Saturday, May 19, 2007

unique-souvenir

Altarity

"I've recently noticed that somehow, without much intention, little altars have cropped up everywhere around me. There are three in my office, one in the backyard, one on my bedside table...the windowsill over the kitchen sink...the corner of the living room. Just this week my neighbor caught me setting a new one up by my front door..."
So writes Rachelle of ThursdayPM, in her post Little Altars Everywhere: Recovering She. She talks about what's on her altars -- specifically the newest one, by her bedside -- and what the component parts mean to her, and why she has altars at all. Her post rang some bells for me, and I filed it away to contemplate (and respond to) later.

A few days after I read Rachelle's post, Dave at Via Negativa posted Home and Altar, a meditation on altars in twelve numbered sections. He asks great questions: "What happens to the home when it incorporates an altar? What happens to the altar when a religious sanctuary is converted into a private home?" (He also muses on the Abrahamic tendency to see strangers as incarnations of divinity, the nature of possessions and of ownership, and whether computers connected to the internet have altar-like qualities. Good stuff, and the comments on his post are also really worth a read.)
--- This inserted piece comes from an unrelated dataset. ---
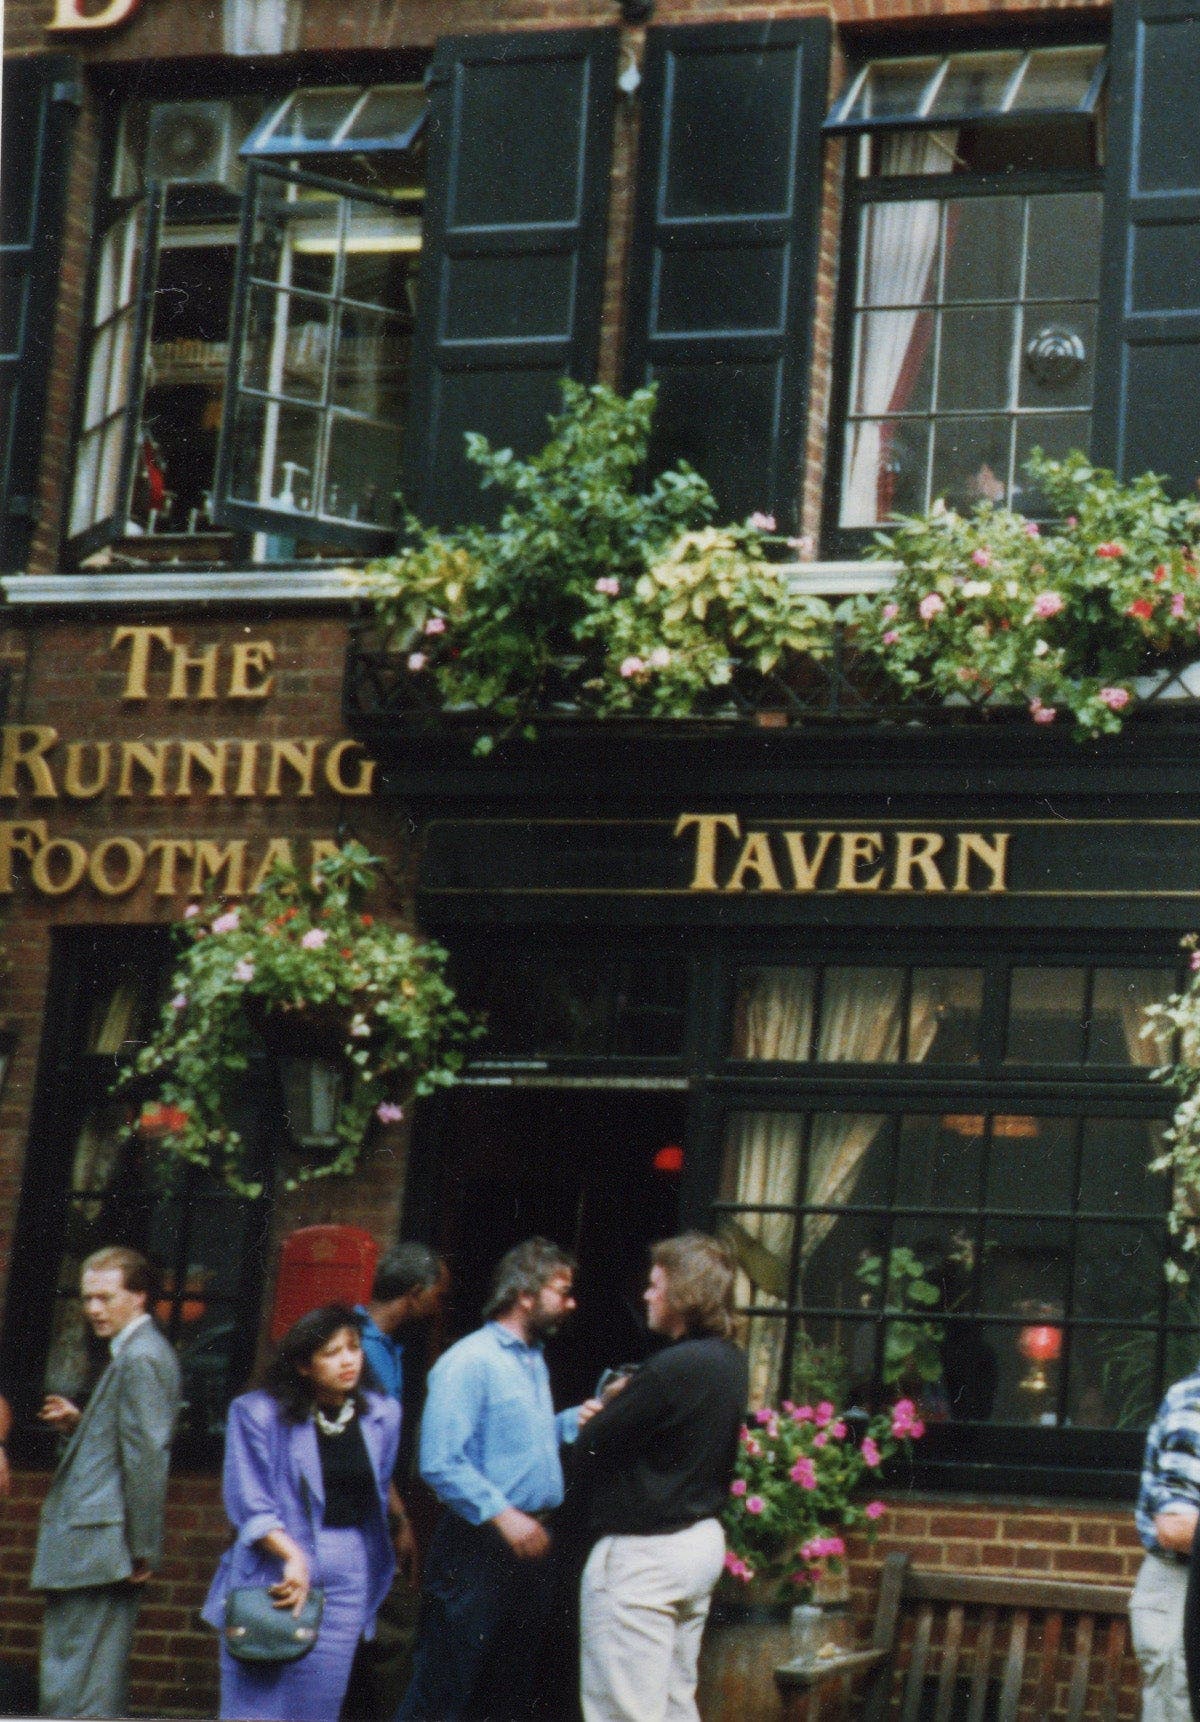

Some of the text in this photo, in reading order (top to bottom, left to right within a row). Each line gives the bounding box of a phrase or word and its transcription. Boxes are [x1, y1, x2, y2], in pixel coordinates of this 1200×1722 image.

[111, 626, 276, 699] THE
[0, 724, 376, 798] RUNNING
[673, 813, 1010, 892] TAVERN
The confluence of blog posts got me thinking. In a way, my dining table is my altar. The rabbis interpreted the words of Ezekiel -- "I have removed them from among the nations and scattered them; I have become a small sanctuary (mikdash me'at) in the countries where they have gone" -- to mean that in the absence of the Temple in Jerusalem, the home table would become a new altar for offerings to God. When I light Shabbat candles, when I bless bread and wine, my words and intentions are my offerings to God, and my table becomes sacred space.

I like thinking of my table as an altar, a place where connections with God are forged. When we bless and share what we have, our table is graced with a presence beyond our own; our words and intentions become offerings to our Source, playing the role once filled by sacrifice. (That's why we wash our hands with a blessing before eating, and why we salt our double loaves at Shabbat.) Table-as-altar: absolutely, that resonates for me. That said...I have something in my house which bears some resemblance to Rachelle's altar, too.

Some of the items I've collected have obvious significance: the pair of Shabbat candlesticks, the glass mezuzah (with visible scroll inside), the set of faded purple "angel cards" that I made years ago. Others may be harder to interpret: the small clay golem from my 1993 visit to the Alt-Neu Shul in Prague where legend says Rabbi Loew's golem was made and unmade. The bit of leather loosely coiled around the angel cards, which was snipped off the end of the retzuah (strap) of my tefillin shel yad to make it an appropriate length to wrap around my arm. The little wolf pin, brought to me from Alaska by a friend, which represents the pathfinder qualities I often wish I could strengthen. The Ghanaian brass sigil in the shape of gye name, the adinkra symbol meaning "except for God", which I bought on my first trip to Accra in 1999...

I don't offer prayers in this corner of my study, per se (not any more or less than I offer prayers anywhere). So the question arises: if an altar isn't for making offerings (of things, or of prayer) then what is it for? What distinguishes an altar from an assemblage of objéts on a tabletop? Our livingroom is certainly full of things: atop the piano there's an antique dondo bedecked with bells, a mossy bird's nest cradled in a wooden plate, a rusted metal sculpture of a cat, and two old mbiras. Each of these has personal relevance to us, but I wouldn't call that an altar. Why is that not an altar, to my mind, while the one in my study is?

Maybe it's a question of mindfulness. Each item I've collected in this place reminds me to be conscious in a different way. The photograph of my grandparents (of blessed memory) connects me with my ancestors; the cup I hand-carried from Karlovy Vary connects me with my roots; the dried lavendar (from our own garden) connects me with the place where I've planted myself. The altar's essential altarity (apologies to Mark C. Taylor, incidentally, and to any Taylor fans who googled altarity and came here expecting ruminations on fundamental otherness) accrues through the way I approach it, the intent I bring.

There's a reason, I think, that this altar arose in my study. Each of the connections it strengthens is necessary for me as a writer. When I light a candle or a stick of incense at that little table before beginning to write, I become conscious of my connections with family, childhood, God, places near and far. I re-root myself, symbolically, before sitting down at my laptop to make words flower. If our bedroom had an altar it would be different. This is an altar for my writing-self.

Maybe the word "altar" is uncomfortable for some of you. You may be thinking, "home altars -- isn't that a Buddhist thing? or Wiccan? Do Jews really have altars?" Well, this one does; but if that's disjunctive for you, you could think of it as a focusing-point, instead. It's not that the altar connects me with God, per se. The altar just reminds me to do the connecting, on my own.